Blog Tour: Excerpt and Giveaway!–To Guard Against the Dark by Julie Czerneda

Today I’m pleased to be hosting a blog tour stop for Julie Czerneda’s newest novel, To Guard Against the Dark!  We’ve got an excerpt to share, and two different giveaways.  Keep reading for more details!

Book description-
“The final book in the hard science fiction Reunification trilogy, the thrilling conclusion to the award-winning Clan Chronicles.

Jason Morgan is a troubling mystery to friends and enemies alike: once a starship captain and trader, then Joined to the most powerful member of the Clan, Sira di Sarc, following her and her kind out of known space.

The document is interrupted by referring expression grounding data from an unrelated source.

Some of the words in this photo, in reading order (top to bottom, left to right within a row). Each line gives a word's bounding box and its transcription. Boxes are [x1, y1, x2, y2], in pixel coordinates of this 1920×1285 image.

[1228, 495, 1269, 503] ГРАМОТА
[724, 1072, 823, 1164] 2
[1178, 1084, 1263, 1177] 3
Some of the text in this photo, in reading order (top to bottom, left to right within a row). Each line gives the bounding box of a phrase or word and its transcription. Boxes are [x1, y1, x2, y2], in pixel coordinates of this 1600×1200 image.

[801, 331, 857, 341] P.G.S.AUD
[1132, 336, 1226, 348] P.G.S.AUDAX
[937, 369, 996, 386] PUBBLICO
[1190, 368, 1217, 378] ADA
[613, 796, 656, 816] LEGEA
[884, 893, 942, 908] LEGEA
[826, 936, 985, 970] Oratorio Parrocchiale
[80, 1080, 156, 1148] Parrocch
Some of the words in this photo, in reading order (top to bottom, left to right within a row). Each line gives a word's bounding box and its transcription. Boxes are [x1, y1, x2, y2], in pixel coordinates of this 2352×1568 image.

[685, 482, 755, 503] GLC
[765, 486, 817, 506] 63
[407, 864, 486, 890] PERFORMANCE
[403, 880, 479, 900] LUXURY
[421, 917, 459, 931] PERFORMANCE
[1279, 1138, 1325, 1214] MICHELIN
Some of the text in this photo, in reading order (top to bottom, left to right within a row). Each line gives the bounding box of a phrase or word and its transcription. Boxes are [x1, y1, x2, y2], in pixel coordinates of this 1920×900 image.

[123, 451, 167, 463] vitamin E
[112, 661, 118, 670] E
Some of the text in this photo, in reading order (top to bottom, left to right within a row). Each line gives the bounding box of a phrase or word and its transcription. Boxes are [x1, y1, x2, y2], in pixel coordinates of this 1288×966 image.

Only to return, alone and silent.

But he’s returned to a Trade Pact under siege and desperate. The Assemblers continue to be a threat. Other species have sensed opportunity and threaten what stability remains, including those who dwell in the M’hir. What Morgan knows could save them all, or doom them.

For not all of the Clan followed Sira. And peace isn’t what they seek.”

Book info –
TO GUARD AGAINST THE DARK by Julie E. Czerneda
DAW Hardcover Original
$26.00
On sale October 10th, 2017

 

Author Bio-

For twenty years, Canadian author/ former biologist Julie E. Czerneda has shared her curiosity about living things through her science fiction, published by DAW Books, NY. Julie’s also written fantasy, the first installments of her Night’s Edge series (DAW) A Turn of Light and A Play of Shadow, winning consecutive Aurora Awards (Canada’s Hugo) for Best English Novel. Julie’s edited/co-edited sixteen anthologies of SF/F, two Aurora winners, the latest being SFWA’s 2017 Nebula Award Showcase. Next out will be an anthology of original stories set in her Clan Chronicles series: Tales from Plexis, out in 2018. Her new SF novel, finale to that series, To Guard Against the Dark, lands in stores October 2017. When not jumping between wonderful blogs, Julie’s at work on something very special: her highly anticipated new Esen novel, Search Image (Fall 2018). Visit www.czerneda.com for more.

About the Series:

The Clan Chronicles is set in a far future where a mutual Trade Pact encourages peaceful commerce among a multitude of alien and Human worlds. The alien Clan, humanoid in appearance, have been living in secrecy and wealth on Human worlds, relying on their innate ability to move through the M’hir and bypass normal space. The Clan bred to increase that power, only to learn its terrible price: females who can’t help but kill prospective mates. Sira di Sarc is the first female of her kind facing that reality. With the help of a Human starship captain, Jason Morgan, himself a talented telepath, Sira must find a morally acceptable solution before it’s too late. But with the Clan exposed, her time is running out. The Stratification trilogy follows Sira’s ancestor, Aryl Sarc, and shows how their power first came to be as well as how the Clan came to live in the Trade Pact. The Trade Pact trilogy is the story of Sira and Morgan, and the trouble facing the Clan. Reunification concludes the series, answering these question at last. Who are the Clan?
And what will be the fate of all?

Giveaway

#againstthedark Giveaway Details

Enter your comment below to be entered to win the latest book in hardcover, To Guard Against the Dark, plus a mass market of The Gulf of Time and Stars. (US and Canada unless otherwise stated)  Last day to enter is next Friday, October 13.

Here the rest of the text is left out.